Global Addiction, Personal Affliction

A problem shared: a heroin addict in Afghanistan and an addict thousands of miles away in Zanzibar share the problems of rehabilitation without modern facilities.

According to a United Nations report, the poppy fields of Afghanistan produce more than 90% of the world's opium - feeding the habits of an estimated 15 million heroin addicts around the globe.

But behind those figures lie many thousands of ordinary Afghans also trapped in addiction, who sadly don't have access to modern treatment facilities.

In the worst-affected province, Balkh, in northern Afghanistan, there is just one treatment centre with 20 beds.

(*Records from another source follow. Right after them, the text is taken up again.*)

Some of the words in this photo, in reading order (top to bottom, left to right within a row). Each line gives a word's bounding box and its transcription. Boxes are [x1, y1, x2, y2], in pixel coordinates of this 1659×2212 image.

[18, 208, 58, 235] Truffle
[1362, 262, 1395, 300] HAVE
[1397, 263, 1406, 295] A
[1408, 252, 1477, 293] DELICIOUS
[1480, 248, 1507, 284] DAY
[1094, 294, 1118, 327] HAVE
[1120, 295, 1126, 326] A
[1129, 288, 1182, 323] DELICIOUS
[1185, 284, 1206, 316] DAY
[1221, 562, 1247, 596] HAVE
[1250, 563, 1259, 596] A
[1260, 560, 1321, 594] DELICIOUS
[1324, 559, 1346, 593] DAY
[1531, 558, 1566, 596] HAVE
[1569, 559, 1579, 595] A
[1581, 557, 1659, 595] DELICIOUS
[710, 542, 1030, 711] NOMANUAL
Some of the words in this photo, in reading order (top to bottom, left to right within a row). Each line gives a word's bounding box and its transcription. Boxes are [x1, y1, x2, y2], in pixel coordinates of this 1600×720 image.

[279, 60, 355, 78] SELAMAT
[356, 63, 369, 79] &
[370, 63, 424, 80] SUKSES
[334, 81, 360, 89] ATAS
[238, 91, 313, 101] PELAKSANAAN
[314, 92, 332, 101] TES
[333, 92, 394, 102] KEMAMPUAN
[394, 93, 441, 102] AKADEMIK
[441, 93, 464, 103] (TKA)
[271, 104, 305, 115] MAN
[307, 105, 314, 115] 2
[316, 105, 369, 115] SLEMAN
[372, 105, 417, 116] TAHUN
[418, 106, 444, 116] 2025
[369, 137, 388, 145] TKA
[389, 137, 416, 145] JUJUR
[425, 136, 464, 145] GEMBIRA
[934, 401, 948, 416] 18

And those lucky enough to get a place are forced to leave long before they're ready .

But just as addiction is a global problem, so is this lack of rehab facilities.

Gholam Nabi and Suleiman Mauly have both been through similar experiences, despite living on different continents.

Gholam Nabi is a heroin addict from Afghanistan, and Suleiman Mauly is a recovering addict from Tanzania - another poor country with a shortage of rehab programmes.

Outlook brought Gholam Nabi and Suleiman Mauly together to discuss their personal experiences of addiction.

And Matthew Bannister also spoke to Professor Neil McKeganey about the wider psychological problems in overcoming drugs.